While working in this shop, Howe is said to have overheard the owner discussing the need for, and problems involved in making, a sewing machine. By 1844 Howe himself began trying to build a workable model. Even though he had acquired a family, he quit his job and, with financial support from his father, worked full-time on the invention. Later he was able to take in a partner, who provided more capital.

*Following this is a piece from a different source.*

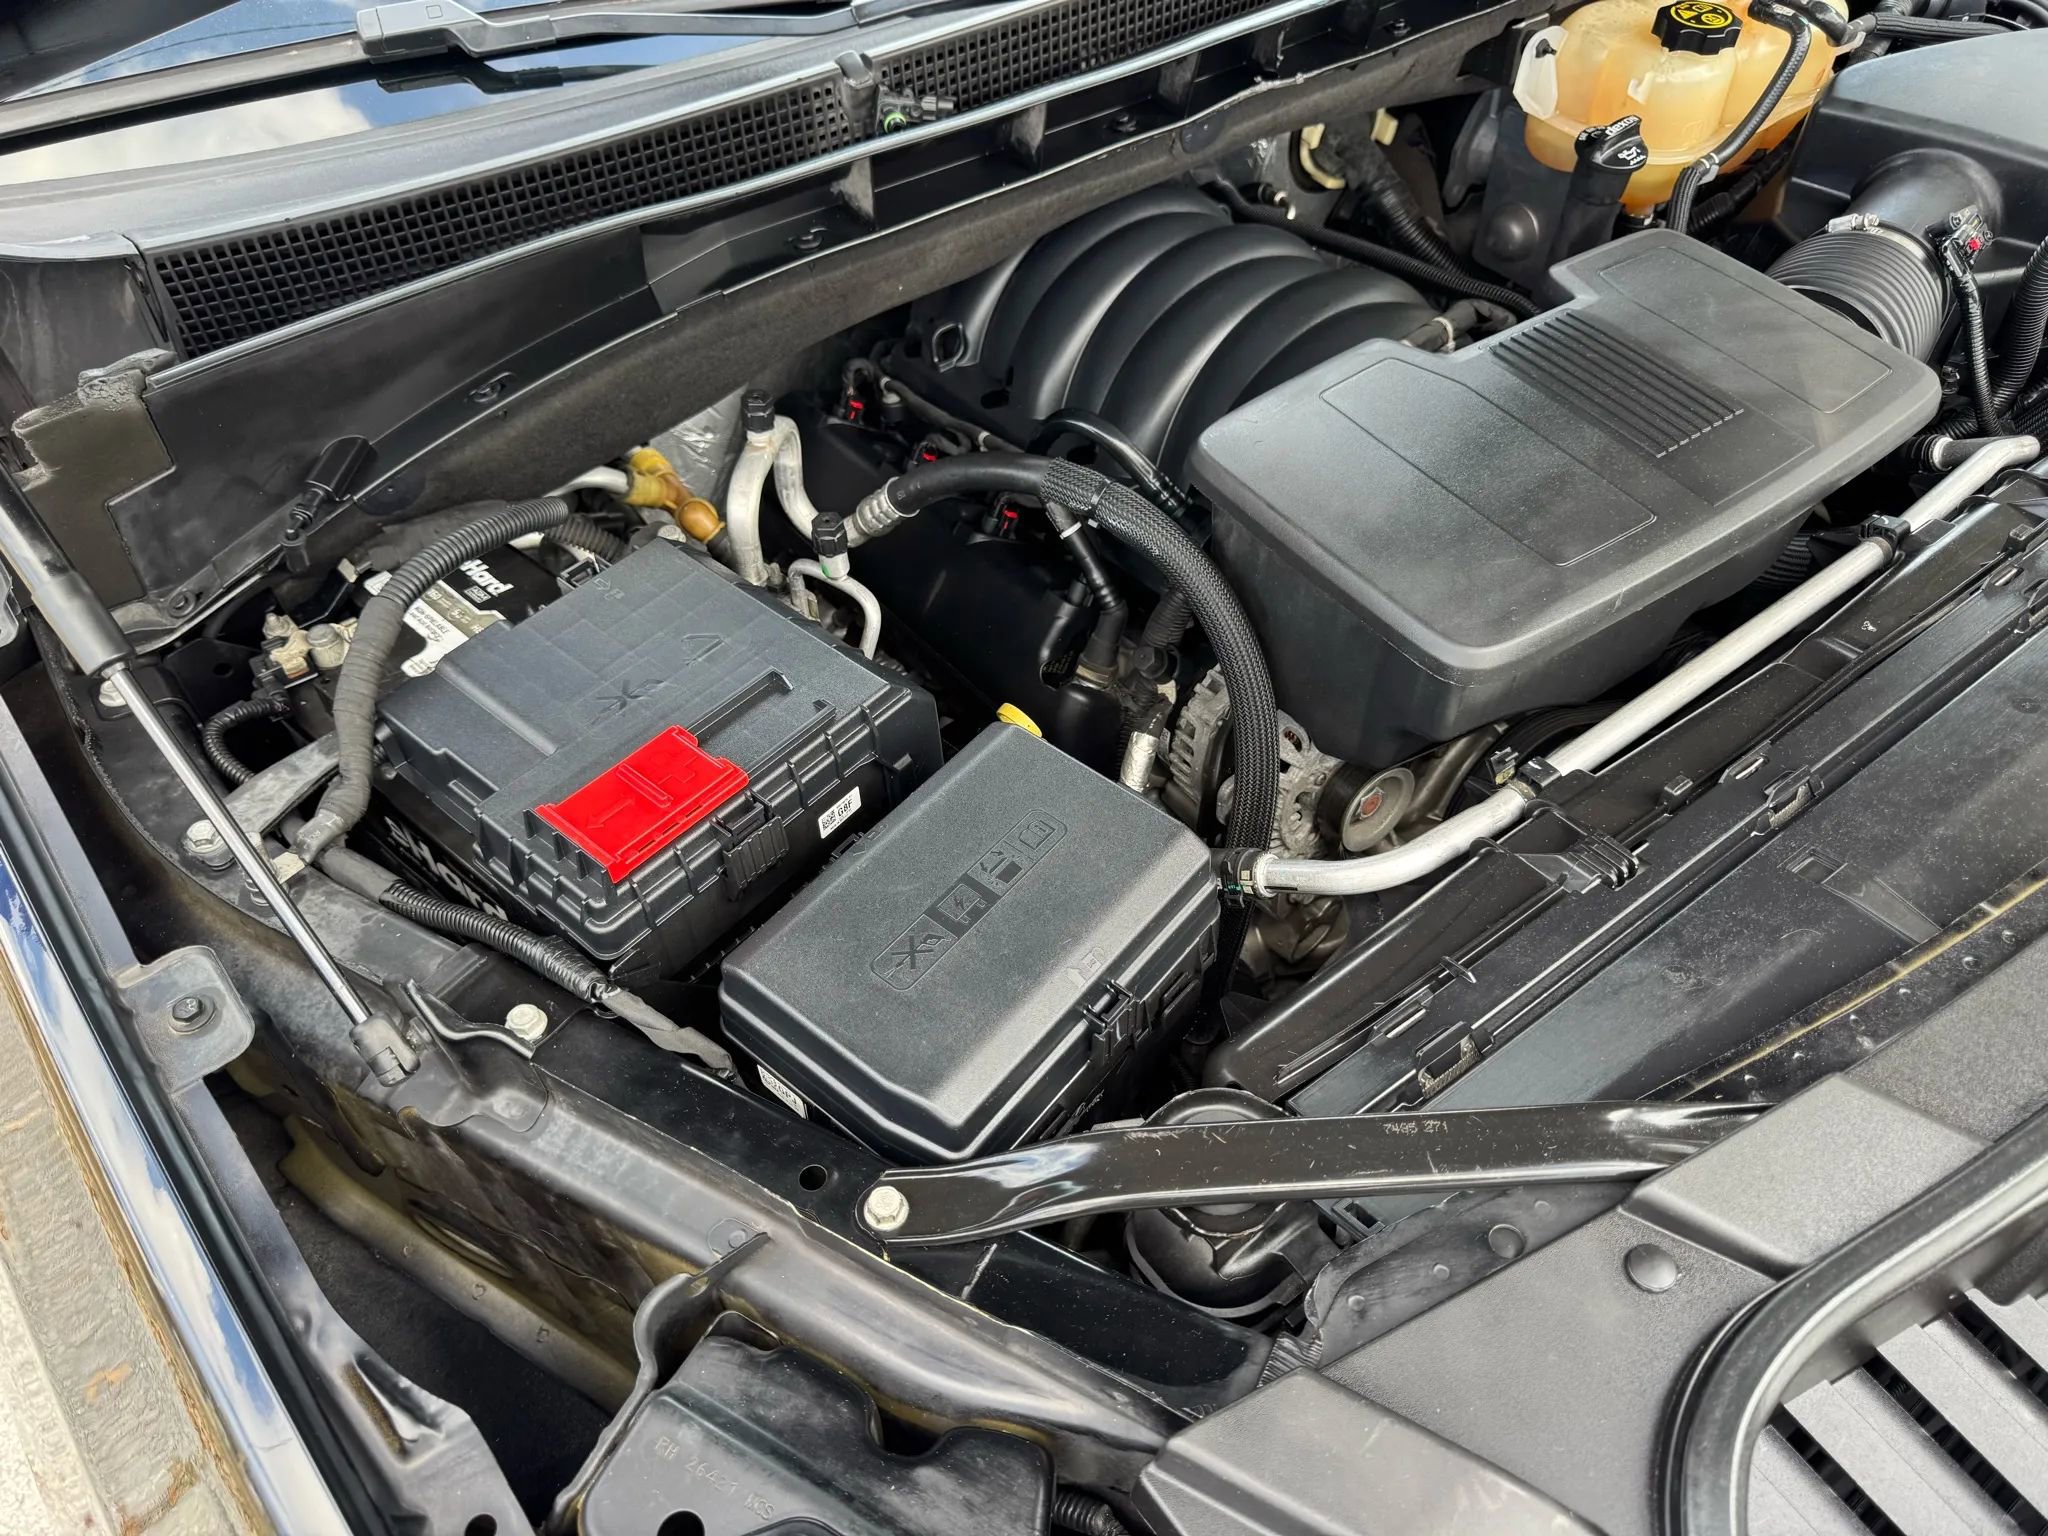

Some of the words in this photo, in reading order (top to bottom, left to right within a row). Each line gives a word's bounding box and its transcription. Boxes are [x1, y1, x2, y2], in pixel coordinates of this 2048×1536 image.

Howe had a sewing machine working as early as April 1845, and in September 1846 he obtained a U.S. patent for his second machine. One key to his success was the placement of the eye of the needle near the point, rather than at the opposite end as in a regular needle. Howe sent his brother to England to seek a market and there sold his third machine to a manufacturer of corsets, umbrellas, and shoes. This manufacturer saw the possibilities the sewing machine would have if it could be redesigned to sew leather for shoes. He asked Howe to come to England to work on the problem. The two soon quarreled, however, and Howe was forced to pawn his model and the patent papers to raise enough money to return home.
Upon his return Howe discovered that several manufacturers were developing a market in America for sewing machines. This appeared to infringe his patent. In a lawsuit that lasted from 1849 to 1854, he finally vindicated his claims to originality and priority and was able to extract a license fee for each machine produced by his rivals. At the height of his prosperity Howe received as much as $4, 000 a week in royalties.
Howe's new wealth was but one measure of the success of the sewing machine. Within the decade of the 1850s it became a major trade item. In 1860 some 110, 000 sewing machines were manufactured. In turn, there was a rise in the number of ready-to-wear garments. The sewing machine was applied to shoemaking with the same results.
There is no full biography of Howe. Facts on him must be gleaned from biographical collections and histories of technology. Egon Larson (pseudonym for Egon Lehrburger), Men Who Shaped the Future: Stories of Invention and Discovery (1954), has a profile of Howe. James Parton, History of the Sewing Machine (1872), discusses Howe and his major achievement. Frederick J. Allen, The Shoe Industry (1916), may be consulted for the application of sewing machines to shoe manufacture. See also Eric J. Hobsbawn, The Age of Revolution, 1789-1848 (1962).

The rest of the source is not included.